[WHAT YOU ARE ASKED TO DO] Word for word, print all of the lines below.

[Recorded data]

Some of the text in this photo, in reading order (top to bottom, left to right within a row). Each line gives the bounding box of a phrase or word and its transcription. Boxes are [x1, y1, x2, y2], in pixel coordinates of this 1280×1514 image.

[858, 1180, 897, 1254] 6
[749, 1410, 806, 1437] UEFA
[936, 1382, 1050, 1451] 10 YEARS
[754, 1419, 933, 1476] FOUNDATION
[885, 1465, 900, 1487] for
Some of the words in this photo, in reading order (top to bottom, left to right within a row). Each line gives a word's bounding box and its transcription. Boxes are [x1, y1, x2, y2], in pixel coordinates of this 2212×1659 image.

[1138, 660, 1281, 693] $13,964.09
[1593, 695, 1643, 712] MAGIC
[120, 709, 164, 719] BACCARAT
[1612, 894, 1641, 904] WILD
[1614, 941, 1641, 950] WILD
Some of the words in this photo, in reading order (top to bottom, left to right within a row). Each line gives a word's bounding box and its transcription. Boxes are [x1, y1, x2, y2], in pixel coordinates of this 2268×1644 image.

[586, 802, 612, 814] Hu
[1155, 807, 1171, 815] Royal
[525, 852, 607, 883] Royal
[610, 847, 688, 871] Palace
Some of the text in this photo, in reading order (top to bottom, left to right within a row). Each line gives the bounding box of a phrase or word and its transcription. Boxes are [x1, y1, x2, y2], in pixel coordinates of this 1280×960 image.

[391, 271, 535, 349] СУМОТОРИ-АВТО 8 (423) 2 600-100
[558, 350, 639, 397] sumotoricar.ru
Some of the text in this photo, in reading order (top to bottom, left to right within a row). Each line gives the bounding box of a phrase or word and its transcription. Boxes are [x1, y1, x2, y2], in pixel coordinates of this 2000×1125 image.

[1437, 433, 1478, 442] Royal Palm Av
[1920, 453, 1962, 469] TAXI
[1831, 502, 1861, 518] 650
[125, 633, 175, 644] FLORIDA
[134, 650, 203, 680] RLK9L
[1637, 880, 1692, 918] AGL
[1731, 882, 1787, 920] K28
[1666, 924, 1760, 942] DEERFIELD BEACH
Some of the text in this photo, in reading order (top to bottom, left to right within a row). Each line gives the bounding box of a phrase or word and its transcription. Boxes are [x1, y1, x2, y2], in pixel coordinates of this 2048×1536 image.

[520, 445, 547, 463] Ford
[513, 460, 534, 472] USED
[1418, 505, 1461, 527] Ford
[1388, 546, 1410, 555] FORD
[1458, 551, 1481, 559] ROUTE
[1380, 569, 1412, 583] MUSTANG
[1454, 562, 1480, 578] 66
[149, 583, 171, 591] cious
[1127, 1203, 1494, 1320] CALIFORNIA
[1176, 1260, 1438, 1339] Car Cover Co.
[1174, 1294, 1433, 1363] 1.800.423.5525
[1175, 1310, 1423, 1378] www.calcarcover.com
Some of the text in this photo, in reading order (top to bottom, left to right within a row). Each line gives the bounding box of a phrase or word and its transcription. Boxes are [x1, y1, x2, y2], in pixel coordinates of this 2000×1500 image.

[ANSWER TO THIS PROBLEM]
Some of the text in this photo, in reading order (top to bottom, left to right within a row). Each line gives the bounding box of a phrase or word and its transcription. Boxes are [x1, y1, x2, y2], in pixel coordinates of this 1280×1514 image.

[858, 1180, 897, 1254] 6
[749, 1410, 806, 1437] UEFA
[936, 1382, 1050, 1451] 10 YEARS
[754, 1419, 933, 1476] FOUNDATION
[885, 1465, 900, 1487] for
Some of the words in this photo, in reading order (top to bottom, left to right within a row). Each line gives a word's bounding box and its transcription. Boxes are [x1, y1, x2, y2], in pixel coordinates of this 2212×1659 image.

[1138, 660, 1281, 693] $13,964.09
[1593, 695, 1643, 712] MAGIC
[120, 709, 164, 719] BACCARAT
[1612, 894, 1641, 904] WILD
[1614, 941, 1641, 950] WILD
Some of the words in this photo, in reading order (top to bottom, left to right within a row). Each line gives a word's bounding box and its transcription. Boxes are [x1, y1, x2, y2], in pixel coordinates of this 2268×1644 image.

[586, 802, 612, 814] Hu
[1155, 807, 1171, 815] Royal
[525, 852, 607, 883] Royal
[610, 847, 688, 871] Palace
Some of the text in this photo, in reading order (top to bottom, left to right within a row). Each line gives the bounding box of a phrase or word and its transcription. Boxes are [x1, y1, x2, y2], in pixel coordinates of this 1280×960 image.

[391, 271, 535, 349] СУМОТОРИ-АВТО 8 (423) 2 600-100
[558, 350, 639, 397] sumotoricar.ru
Some of the text in this photo, in reading order (top to bottom, left to right within a row). Each line gives the bounding box of a phrase or word and its transcription. Boxes are [x1, y1, x2, y2], in pixel coordinates of this 2000×1125 image.

[1437, 433, 1478, 442] Royal Palm Av
[1920, 453, 1962, 469] TAXI
[1831, 502, 1861, 518] 650
[125, 633, 175, 644] FLORIDA
[134, 650, 203, 680] RLK9L
[1637, 880, 1692, 918] AGL
[1731, 882, 1787, 920] K28
[1666, 924, 1760, 942] DEERFIELD BEACH
Some of the text in this photo, in reading order (top to bottom, left to right within a row). Each line gives the bounding box of a phrase or word and its transcription. Boxes are [x1, y1, x2, y2], in pixel coordinates of this 2048×1536 image.

[520, 445, 547, 463] Ford
[513, 460, 534, 472] USED
[1418, 505, 1461, 527] Ford
[1388, 546, 1410, 555] FORD
[1458, 551, 1481, 559] ROUTE
[1380, 569, 1412, 583] MUSTANG
[1454, 562, 1480, 578] 66
[149, 583, 171, 591] cious
[1127, 1203, 1494, 1320] CALIFORNIA
[1176, 1260, 1438, 1339] Car Cover Co.
[1174, 1294, 1433, 1363] 1.800.423.5525
[1175, 1310, 1423, 1378] www.calcarcover.com
Some of the text in this photo, in reading order (top to bottom, left to right within a row). Each line gives the bounding box of a phrase or word and its transcription. Boxes are [x1, y1, x2, y2], in pixel coordinates of this 2000×1500 image.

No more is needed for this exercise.